While I am interested in your linkage of the “notorious” Katherine Netterville to Catherine (Burton) Netterville, I still remain to be convinced that they are one and the same person, whether spelled with a C or K. That is not to say that they were not related, perhaps through marriage.
Katherine (Burton) Netterville d. in 1784 while “Kitty-Cut-A-Dash” d. on 17 May 1787.
“Kitty-Cut-A-Dash” died at Broadstone, Dublin, a virtual pauper, according to the Evening Post issue of that date, while the Netterville family of whom Katherine Burton married into retained significant estates in Wicklow, Dublin, Meath and Westmeath in that period of time.
Yes, Nicholas, 5th Lord Vsct, her husband, was described as ‘a fop and a fool’ but ‘ a lord with a tolerable estate’.
There is no evidence of a breakdown in their marriage and, indeed, their only son, John, 6th Lord Vsct. N. had a substantial monument erected in their honour in the old church at Dowth, Co. Meath, following her death in 1784.
According to The Georgian Society Records and to an Irish Builder issue of 1894, Viscountess Catherine Netterville, widow of Nicholas, 5th Lord Vsct. N. lived at no. 29 Upper Sackville Street (now O’Connell Street) from 1767.
Notwithstanding the above points my mind remains open to be convinced otherwise. I look forward to your comments.
Well, we can add into the confusion/mix the fact that the 5th Viscount had been charged with murder, while the 6th Viscount was a well-known eccentric who spent money liberally and erratically (so, erecting a monument does not necessarily prove a happy marriage). Is it possible that Kitty-Cut-a-Dash/Catherine, Lady Netterville were the same?

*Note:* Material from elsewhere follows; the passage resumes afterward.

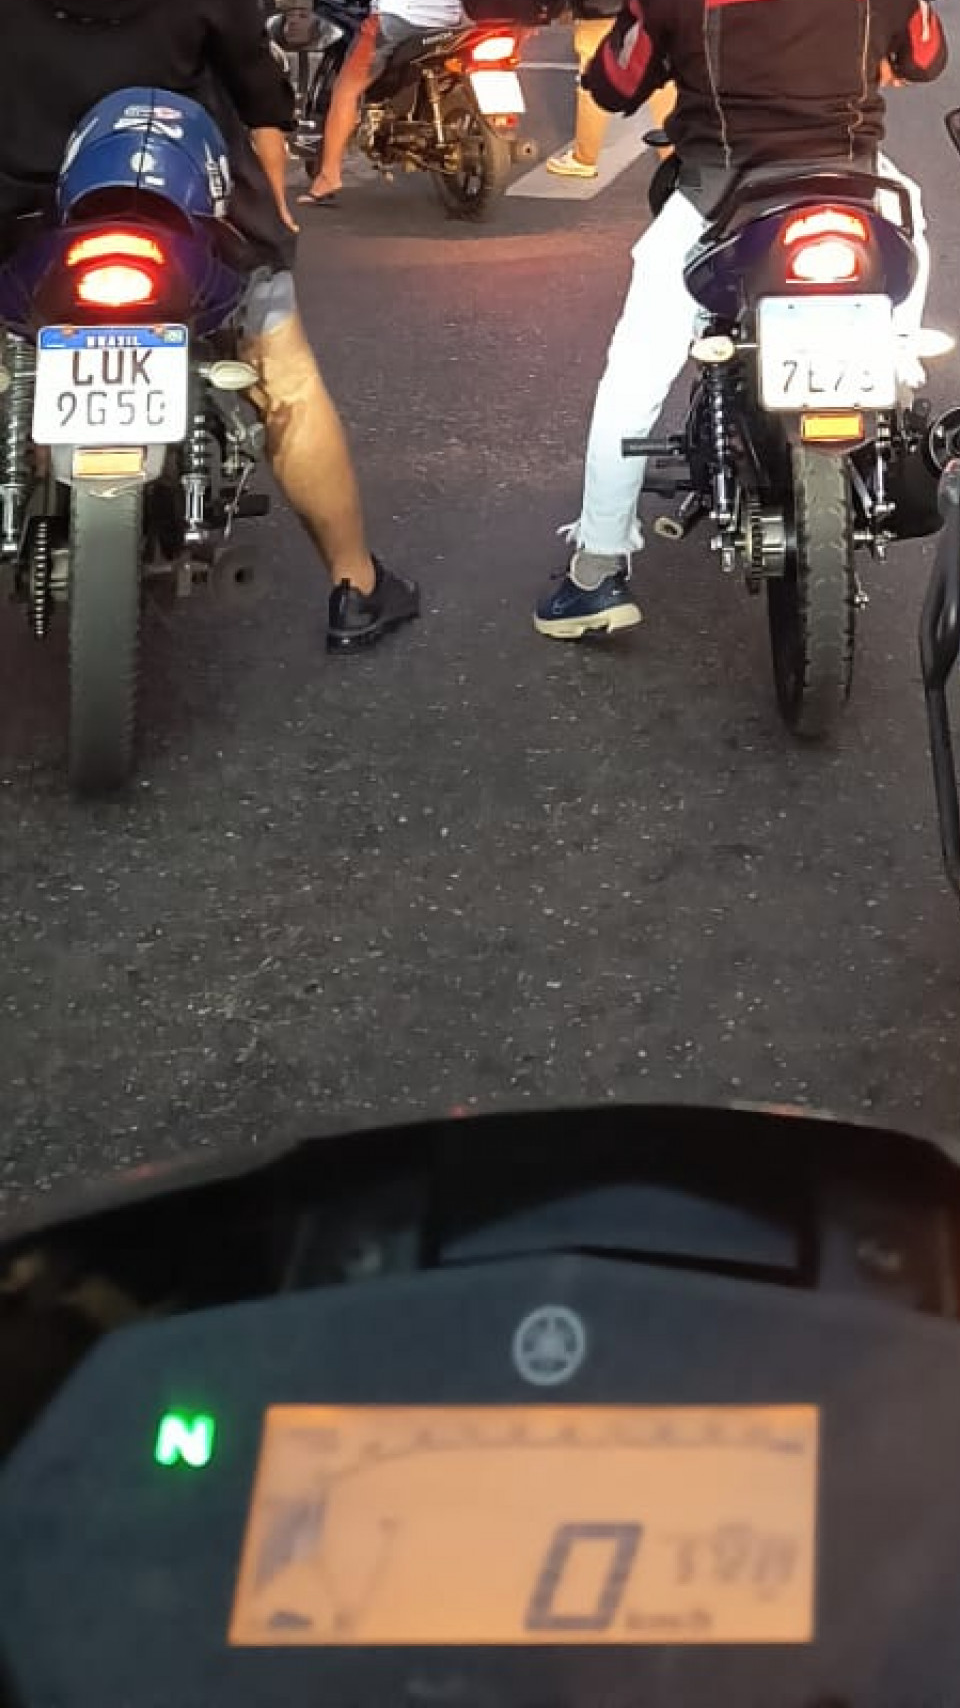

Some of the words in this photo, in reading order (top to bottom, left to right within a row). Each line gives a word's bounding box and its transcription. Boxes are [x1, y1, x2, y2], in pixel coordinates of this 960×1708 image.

[72, 349, 152, 386] LUK
[155, 1415, 214, 1465] N
[523, 1522, 643, 1630] 0

The widowed Lady Netterville residing in Sackville St. with her young son, the 6th Viscount, while she ran a prostitution business from Grafton St.?

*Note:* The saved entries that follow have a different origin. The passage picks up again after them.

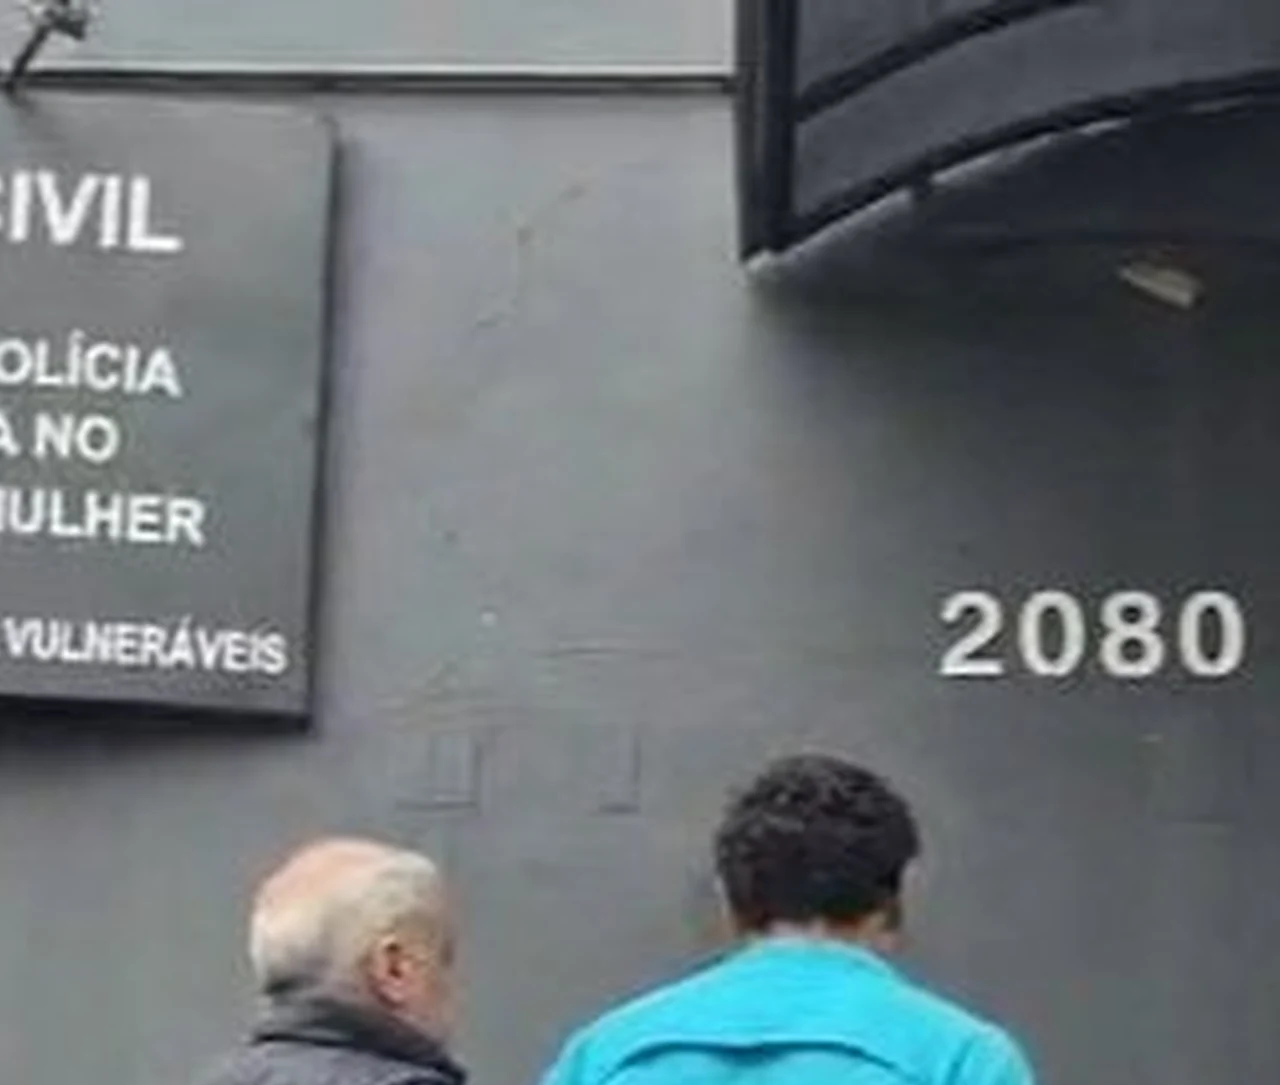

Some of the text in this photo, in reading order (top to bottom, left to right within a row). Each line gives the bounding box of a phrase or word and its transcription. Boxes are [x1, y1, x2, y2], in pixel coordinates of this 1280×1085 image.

[33, 414, 120, 462] NO
[4, 613, 288, 675] VULNERÁVEIS
[939, 589, 1246, 677] 2080
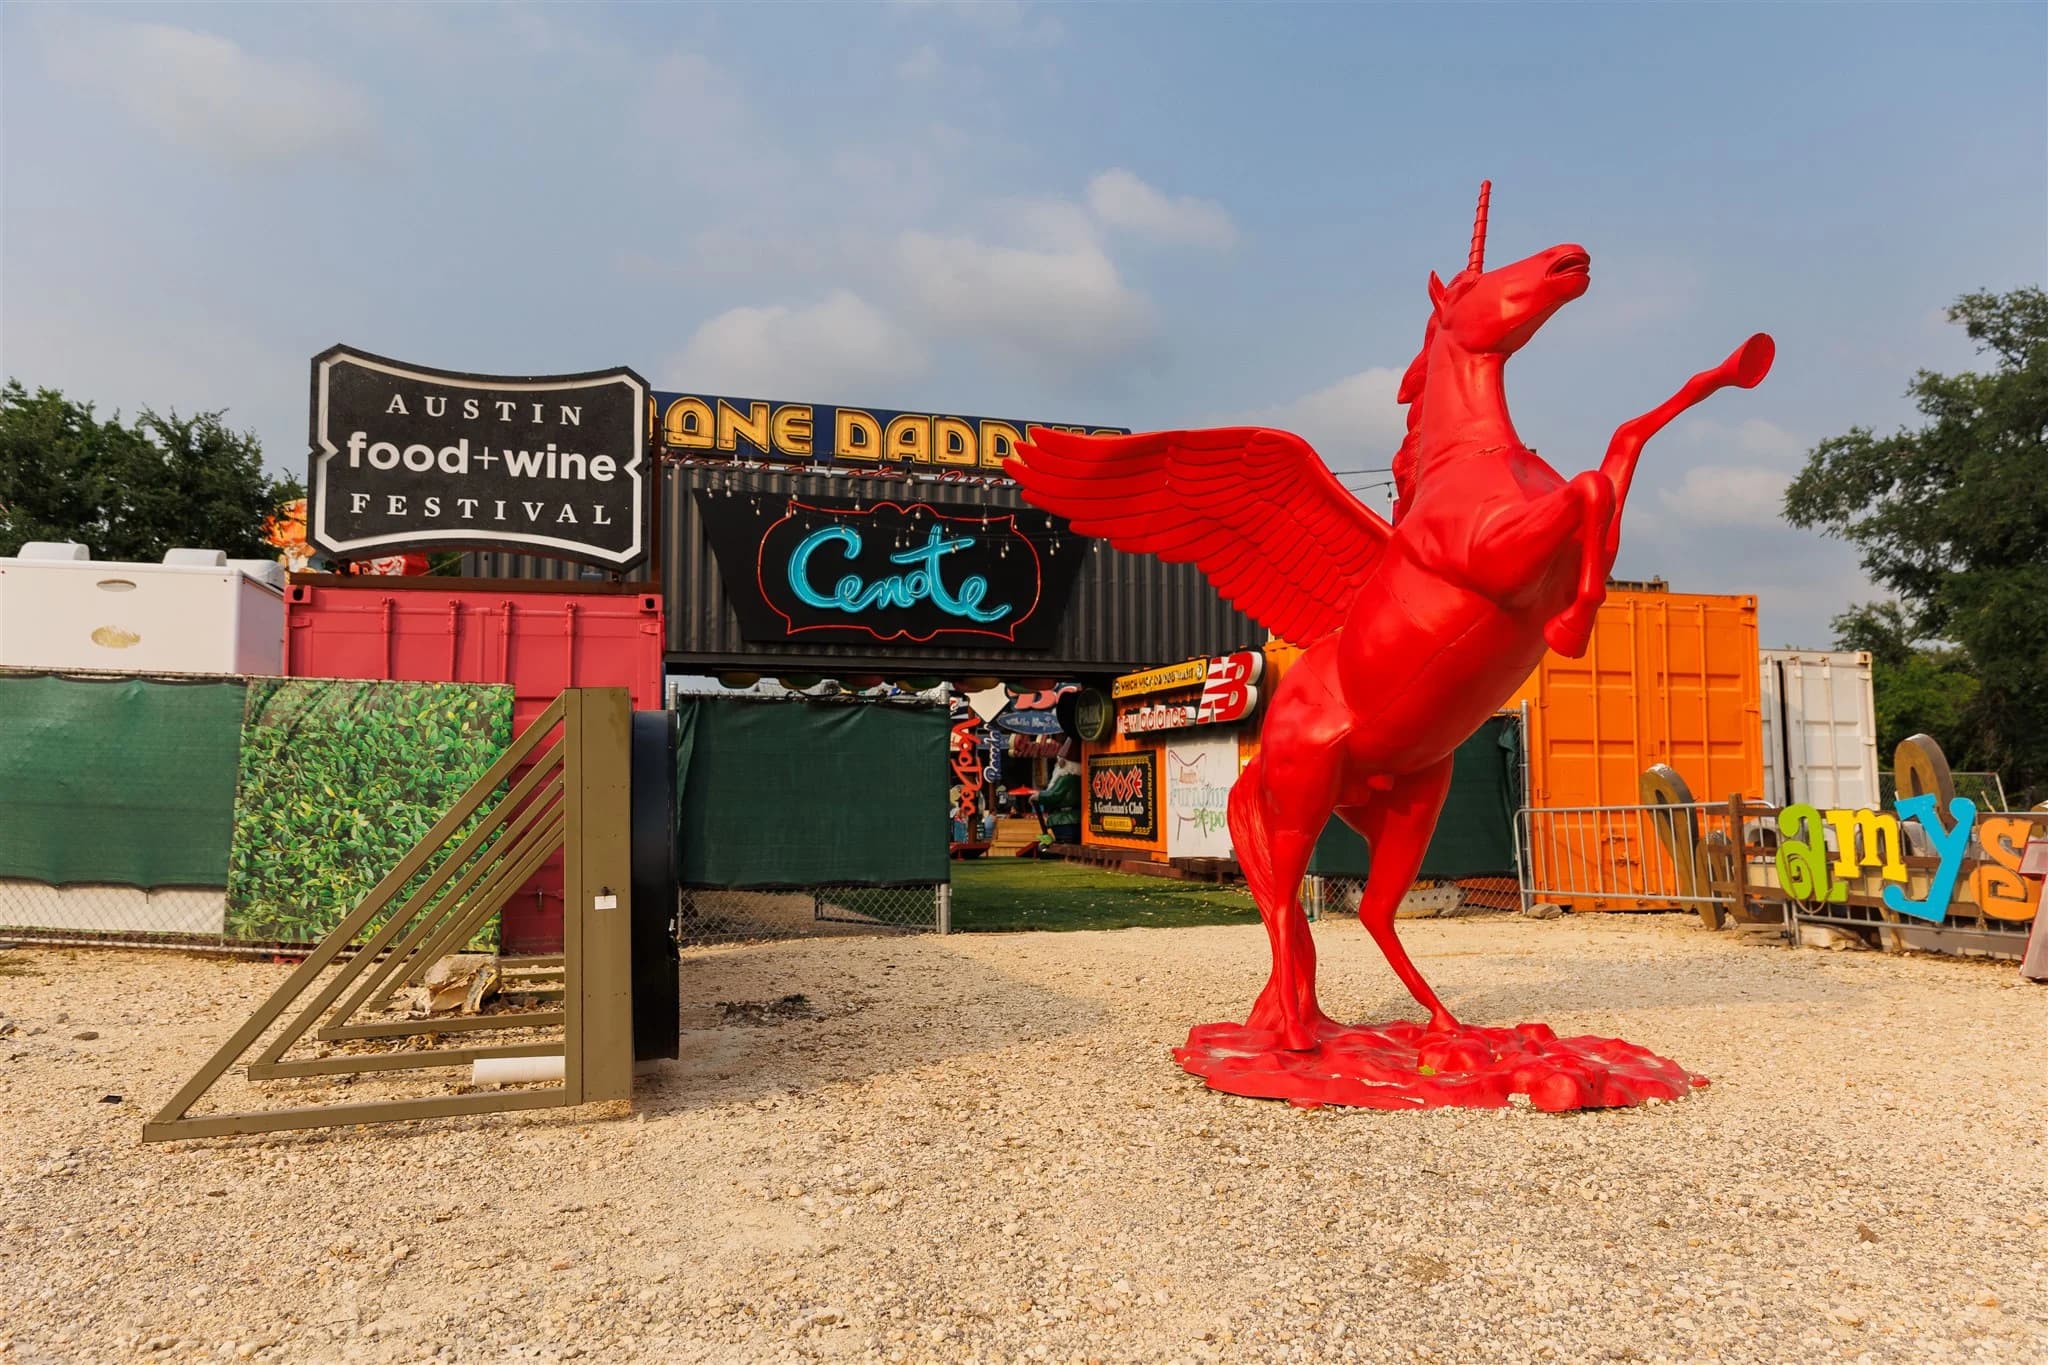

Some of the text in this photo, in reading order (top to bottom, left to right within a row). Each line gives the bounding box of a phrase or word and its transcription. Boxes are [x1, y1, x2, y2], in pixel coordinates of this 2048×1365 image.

[386, 393, 583, 426] AUSTIN
[648, 395, 814, 456] ONE
[347, 431, 617, 481] food+wine
[350, 493, 611, 525] FESTIVAL
[788, 523, 1012, 623] Cenote
[1117, 705, 1188, 733] new balance
[1094, 802, 1099, 813] A
[1129, 802, 1145, 815] Club

https://www.advertiser.ie/galway/article/68791/it-was-the-landlords-right-to-do-as-he-pleased
This link suggests that Kitty-cut-a-dash got her married name from a different branch of the Nettervilles…..
THe Kilmacud Stillorgan Historical Society will have a talk on Kitty on Oct 10th, 2019
There is a Kitty Cut-A-Dash mentioned on the family tree in this article which is based on Netterville family papers. It may provide some additional information
https://www.jstor.org/stable/25535813
Definitely not the same person. Kitty Cut-a-Dash the courtesan only called herself Netterville because she went through a form of marriage with a lover called Frederick Netterville, who was only very distantly related to the Viscounts. She was of very poor birth, from Lazars Hill in Dublin.